В этой тишине было что-то надменное, обескураживающее, причинявшее боль. Лес вздымался в рассеянном сиянии, поднимавшемся от земли, и растворялся в ночи. Верхушку каждой ели венчал венок из звезд, в изобилии высыпавших ночью. Утратить их было невозможно. Их постоянство была постоянством земли. Своей безмятежностью, спокойствием и решительностью, с которыми они устремлялись ввысь, они словно отрицали важность забот, одолевавших людей. У Симона возникло впечатление, что небо тихо взяло на себя заботу о его любви. Он увидел, как перед ним, между двумя звездами, проплыло любимое лицо, и встретил взгляд чудесно раскрытых глаз. Он чуть не пошатнулся. Его беспокойство превратилось в боль; его любовь походила на эту звездную бездну, всасывающую в себя мир.
Он вошел к Жерому, дрожа всем телом. Его друг сидел, спиной к нему, перед маленьким станком, поглощенный рисованием, словно ничего из того, что происходило снаружи, не могло коснуться его.
— Симон? — спросил он не оборачиваясь.
— Да, это я…
Жером был спокоен. Его трубка лежала здесь, на столе, как ночник, сквозь черный табак пробегали маленькие алые змейки. В этой комнате было столько спокойствия, что Симон, оробев, счел нужным объяснить, зачем зашел.
— Я подумал, что ты заболел, — сказал он.

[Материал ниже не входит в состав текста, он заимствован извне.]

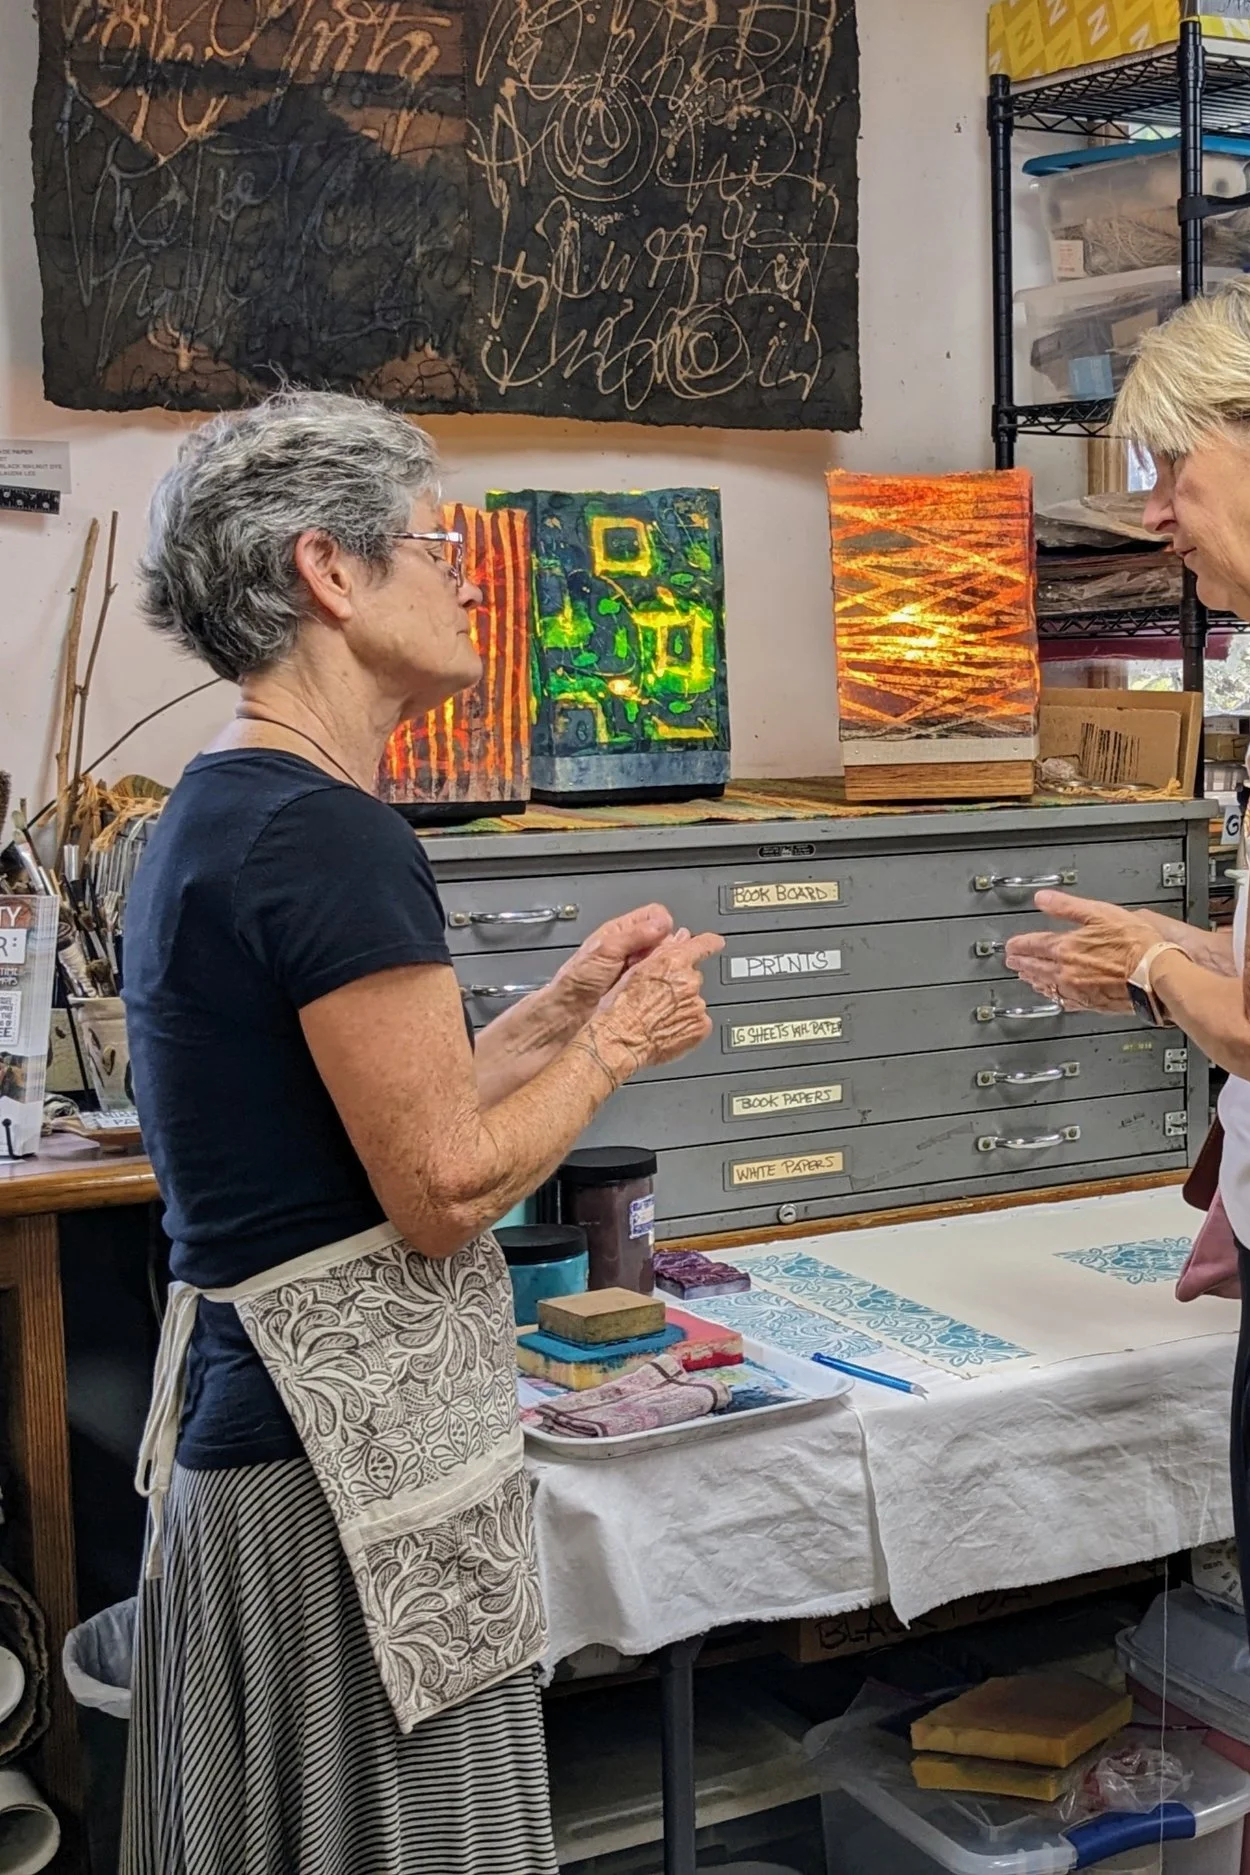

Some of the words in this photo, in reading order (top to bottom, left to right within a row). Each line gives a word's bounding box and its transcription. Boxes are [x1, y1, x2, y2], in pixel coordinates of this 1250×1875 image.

Его еще удивляла краткость слов при обращении на «ты», на которое они недавно перешли. Но Жером не повернул головы: у него была манера не отрываться от своих дел, когда к нему приходили, дававшая вам понять, что, вовсе не мешая ему, вы, так сказать, включаетесь в его занятия. Его прием, так же, как и его прощания, не вводил ограничений во времени, не обозначал никаких рамок. К нему всегда приходили, словно из соседней комнаты.
— Ты работаешь? — спросил Симон.
Жером ответил не сразу.
— Можешь заглянуть в эту папку, пока я заканчиваю этюд, — сказал он наконец.
Он указал на папку, лежавшую на стуле, Симон машинально открыл ее. Почему Жером никогда не говорил ему, что он художник?.. Но он тотчас же был поражен рисунком, попавшимся ему на глаза. Это был портрет… Выступающие кости лица, глубоко запавшие глаза, жесткое выражение, асимметричные черты — все это было более, чем похоже: это была суть Пондоржа, и Симон подумал, что тот, кто это создал, наверное, многое знал о своей модели. Следом шла серия небольших картин, изображавших весь Большой Массив, таким, каким он был виден из Обрыва Арменаз: возвышающимся на краю плато, от которого он словно потихоньку отделялся, будто бы и не существовало отрезавшей его долины. Но хотя эти разные картины изображали один и тот же лик, выражение его менялось. Жером воспроизвел на каждой из них самое тонкое и самое неосязаемое: час. Так что картины действительно вели рассказ, и это был самый прекрасный рассказ в мире, ибо в нем воссоздавалась история Земли. Симону особенно нравилась одна из картин, на которой солнце охватывало всю гряду по всей ее протяженности и вытачивало вдоль каждого хребта темные пропасти. В этих местах гора принимала необычный рельеф: ее формы, выступая, увеличивались, повторяясь в поднимающихся тенях. Ибо свет долетал к ней, длинными шлейфами, издалека, из одной точки, расположенной внизу неба; это было его последнее послание перед приходом ночи, он струил ввысь последний, уже похолодевший луч, и чувствовалось, как скоро он исчезнет, так что было невозможно не испытывать из-за этого тоски.